時間がくねくねしてなくてよかった

答えは人それぞれですが、何かを考えるきっかけになるようなブログを目指してます

世間について

現代は自分らしく生きるのが難しい世の中だと言える。

 

ニュースは積極的に避けても自分の耳に届くし、SNSではどこの誰かも知らない人間の発信した記事を目にしてしまう。

 

世間の力は圧倒的である。それに争うには『徒然草』を著した吉田兼好のように隠居するしかないのかもしれない。吉田兼好は世間に嫌気がさし出家したが、出家先でもその仏教コミュニティーで世間が展開されていることに気づき辟易し、最終的に人里離れ隠居生活を送った。そして世間と離れることで世間を本当の意味で眺めることができた。そのようにして誕生したのが徒然草だ。

 

『ハーメルンの笛吹き男』の著者である阿部謹也の著書『「世間」とは何か』を読んで、日本における世間の強大さを改めて思い知った。
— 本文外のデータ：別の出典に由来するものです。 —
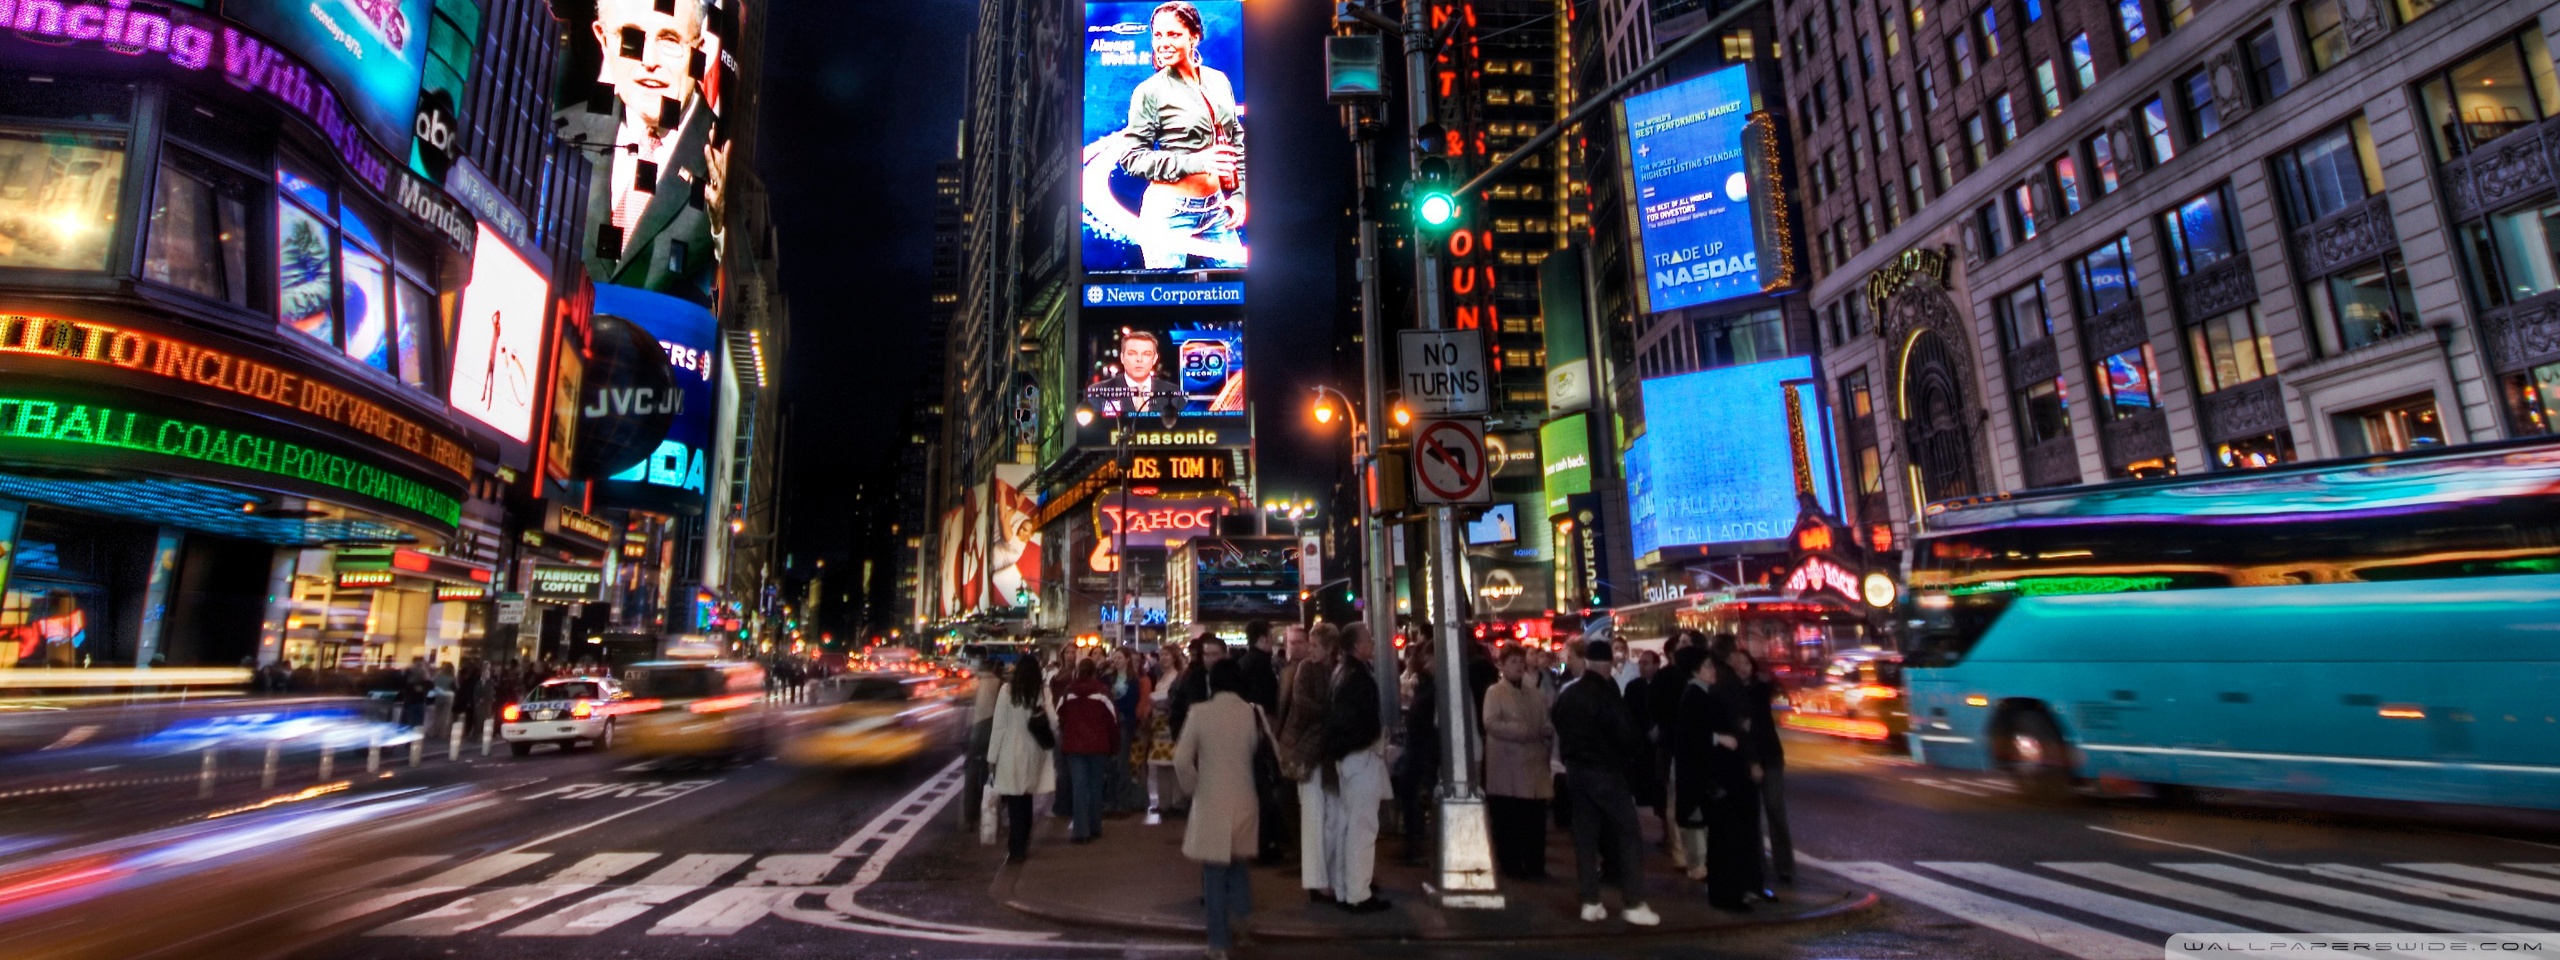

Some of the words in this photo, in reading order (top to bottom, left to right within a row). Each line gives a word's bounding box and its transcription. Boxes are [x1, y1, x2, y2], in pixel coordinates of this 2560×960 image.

[310, 2, 345, 43] mondays
[224, 27, 312, 114] With
[343, 123, 388, 192] Stars
[1635, 127, 1654, 139] BEST
[1656, 111, 1707, 133] PERFORMING
[1707, 101, 1742, 117] MARKET
[416, 109, 456, 159] abc
[1641, 166, 1672, 182] HIGHEST
[1673, 160, 1702, 174] LISTING
[397, 172, 472, 253] Mondays
[1647, 212, 1660, 223] FOR
[1660, 204, 1696, 220] INVESTORS
[1680, 198, 1689, 207] ALL
[1704, 241, 1724, 256] UP
[1106, 288, 1145, 302] News
[1151, 286, 1240, 305] Corporation
[1186, 353, 1223, 370] 80
[1423, 343, 1458, 366] NO
[1409, 371, 1480, 396] TURNS
[153, 339, 298, 406] INCLUDE
[299, 380, 346, 421] DRY
[347, 398, 423, 451] VARIETIES
[584, 388, 653, 418] JVC
[1110, 429, 1218, 446] Pnasonic
[156, 418, 274, 472] COACH
[281, 443, 357, 489] POKEY
[357, 464, 425, 512] CHATMAN
[1510, 452, 1535, 460] WORLD
[1169, 457, 1205, 478] TOM
[1665, 498, 1678, 519] IT
[1681, 494, 1709, 516] ALL
[1711, 490, 1754, 514] ADDS
[1668, 527, 1683, 545] IT
[1721, 520, 1769, 542] ADDS
[341, 571, 394, 586] SEPHORA
[532, 568, 600, 584] STARBUCKS
[1824, 562, 1860, 602] ROCK
[438, 587, 484, 600] SEPHORA
[541, 581, 588, 594] COFFEE
[520, 702, 571, 710] POLICE
今ではさらにパワーアップしていて、芸能人やら有名人が何か不祥事などを起こせば、ネットに存在する世間から非難の嵐を浴びせられる世の中となっている。世間は「世間知らず」という名の武器を振りかざし、いや「世間知らず」という名の網で獲物を確実に追い込んでいく。自分が自分を押し殺して生きているから、自分らしさを出している人を見ると我慢出来ずに批判する。自分らしさを出すことを我慢していない人に我慢がならない。「みんながやっているんだから」とか「普通はこうだよ」とか、とにかく思わずにはいられない。稀に言葉にして本人に直接言うが、最近であればほとんどおおよそはSNSという「はけ口」を通じて発信する。

 

夏目漱石の『坊ちゃん』は阿部謹也いわく世間を描いた作品らしい。坊ちゃんは昔読んだ気がするが全く記憶になかったので改めて読み直してみた。世間は明治も今もそれほど変わらない。世間はとにかく世間に染まらない人間を締め出す傾向があるということが印象としてある。

 

阿部謹也によれば、「society(社会)」と「idividual(個人)」という言葉は明治になって初めてヨーロッパから日本にもたらされたのだという。裏を返せば、それまで日本には「社会」と「個人」という概念がなかったということだ。ヨーロッパの「社会」は「個人」によってつくられる、個人が前提のものだと阿部謹也は言う。日本には世間という概念は昔からあったが、明治前には個人が作る社会という概念はなかったのだ。社会は個人がつくる大きなコミュニティで、世間は自分の身の回りの狭い世界という意味だと紹介されている。

 

日本古来の「世間」が正義なのかヨーロッパからもたらされた「個人」による「社会」が正義なのか分からないが、新しい概念が輸入されたことで二者が衝突しているのは確かだろう。しかし日本で醸成された「世間」がそう簡単にやられるとは到底思えない。日本の「世間」は強大なのだ。